### Directions for this task:
Copy out each entry precisely; no image belongs in the result.

### Supplied data:
###

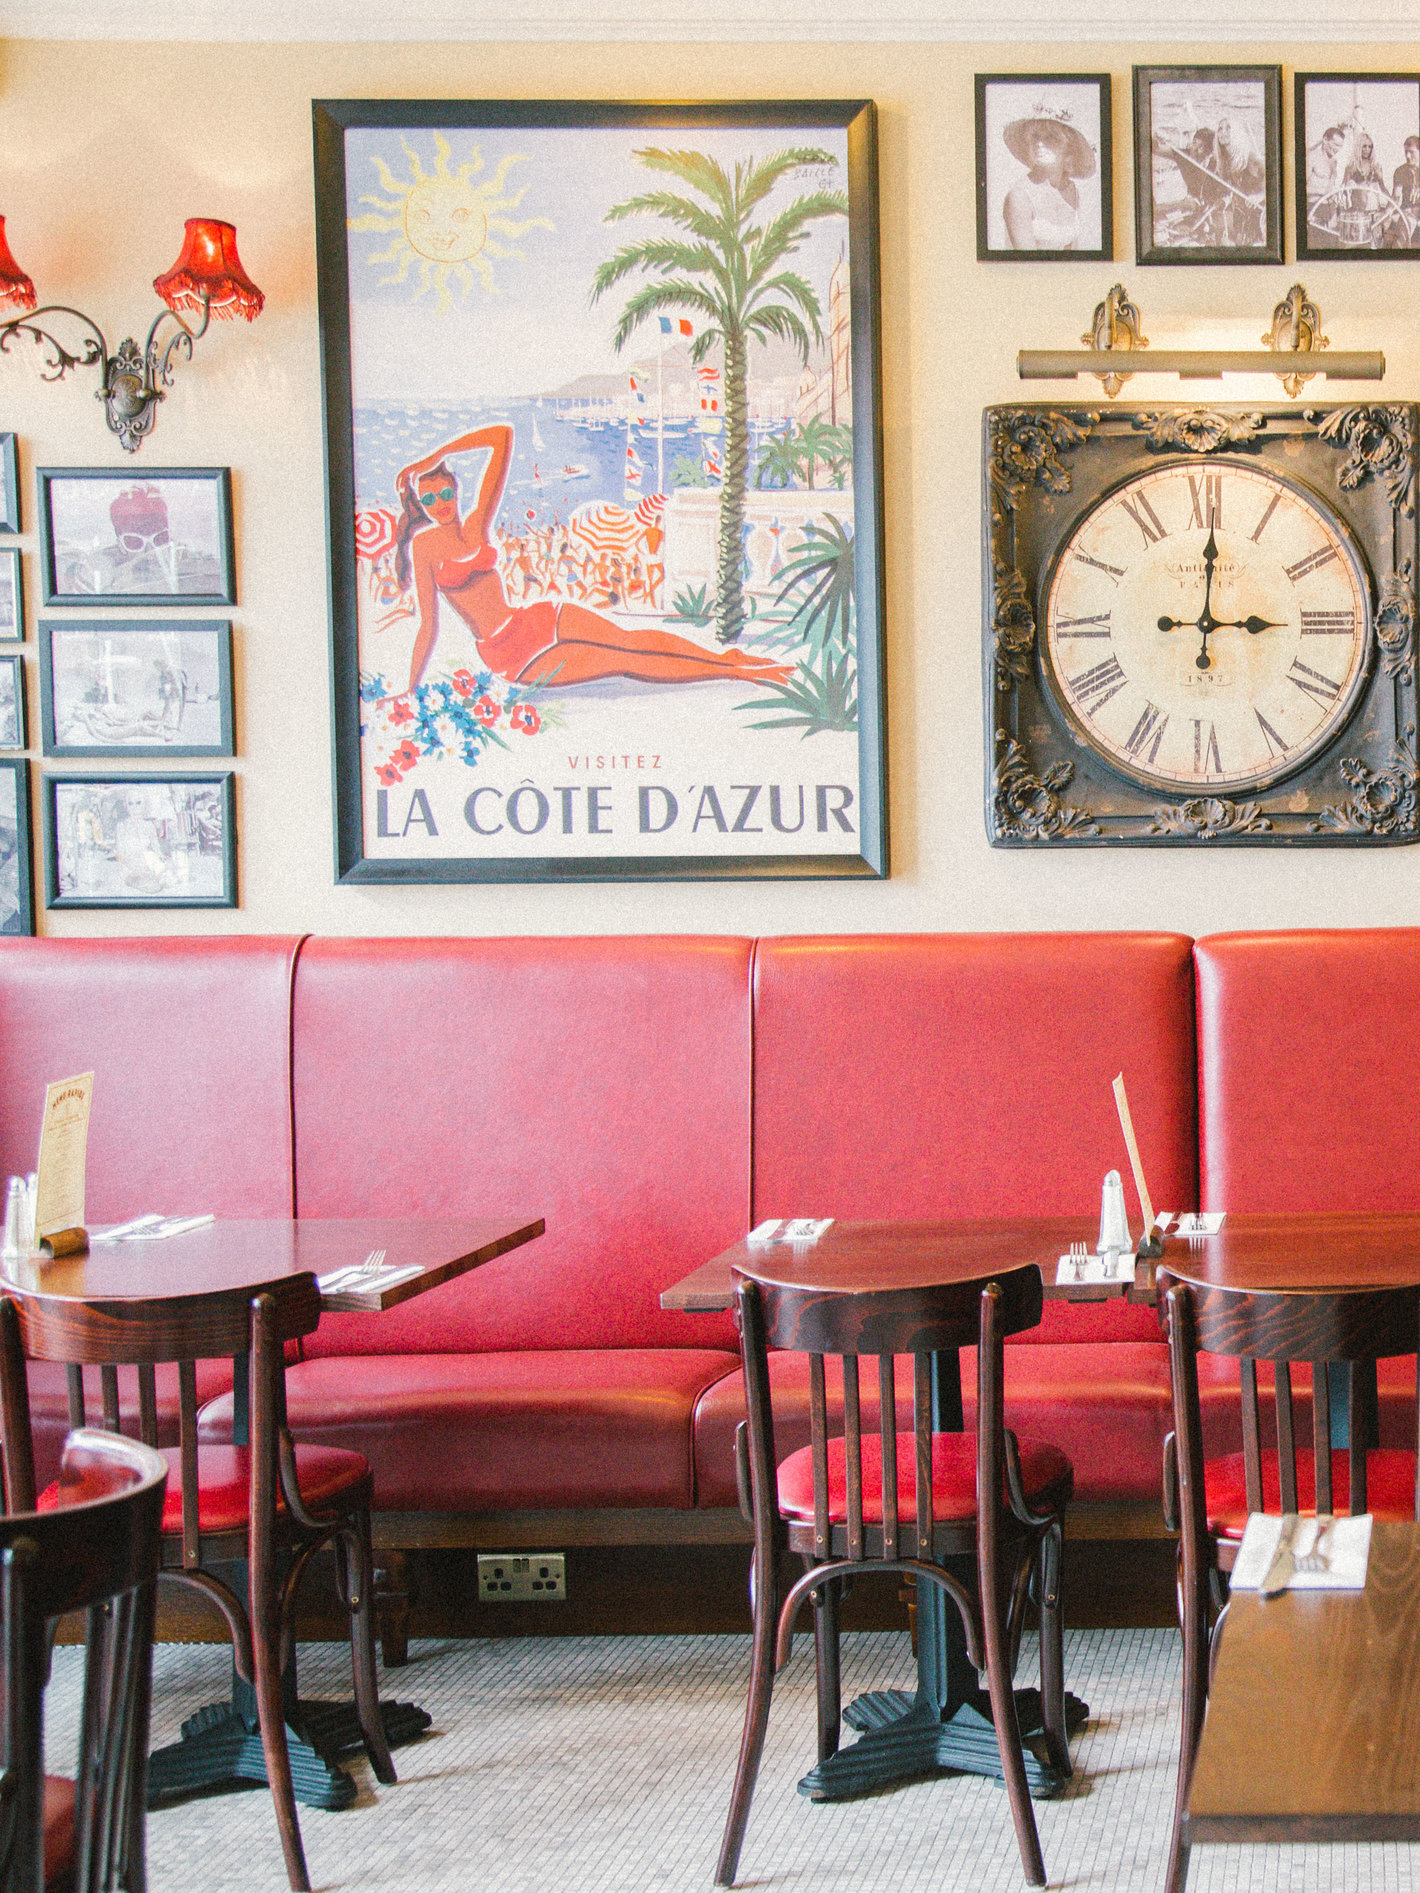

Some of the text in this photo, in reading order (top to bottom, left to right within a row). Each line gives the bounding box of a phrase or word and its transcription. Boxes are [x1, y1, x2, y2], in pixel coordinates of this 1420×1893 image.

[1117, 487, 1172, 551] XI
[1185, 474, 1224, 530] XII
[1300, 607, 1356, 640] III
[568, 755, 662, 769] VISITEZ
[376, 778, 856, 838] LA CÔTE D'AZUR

###

### Completed task:
Some of the text in this photo, in reading order (top to bottom, left to right within a row). Each line gives the bounding box of a phrase or word and its transcription. Boxes are [x1, y1, x2, y2], in pixel coordinates of this 1420×1893 image.

[1117, 487, 1172, 551] XI
[1185, 474, 1224, 530] XII
[1300, 607, 1356, 640] III
[568, 755, 662, 769] VISITEZ
[376, 778, 856, 838] LA CÔTE D'AZUR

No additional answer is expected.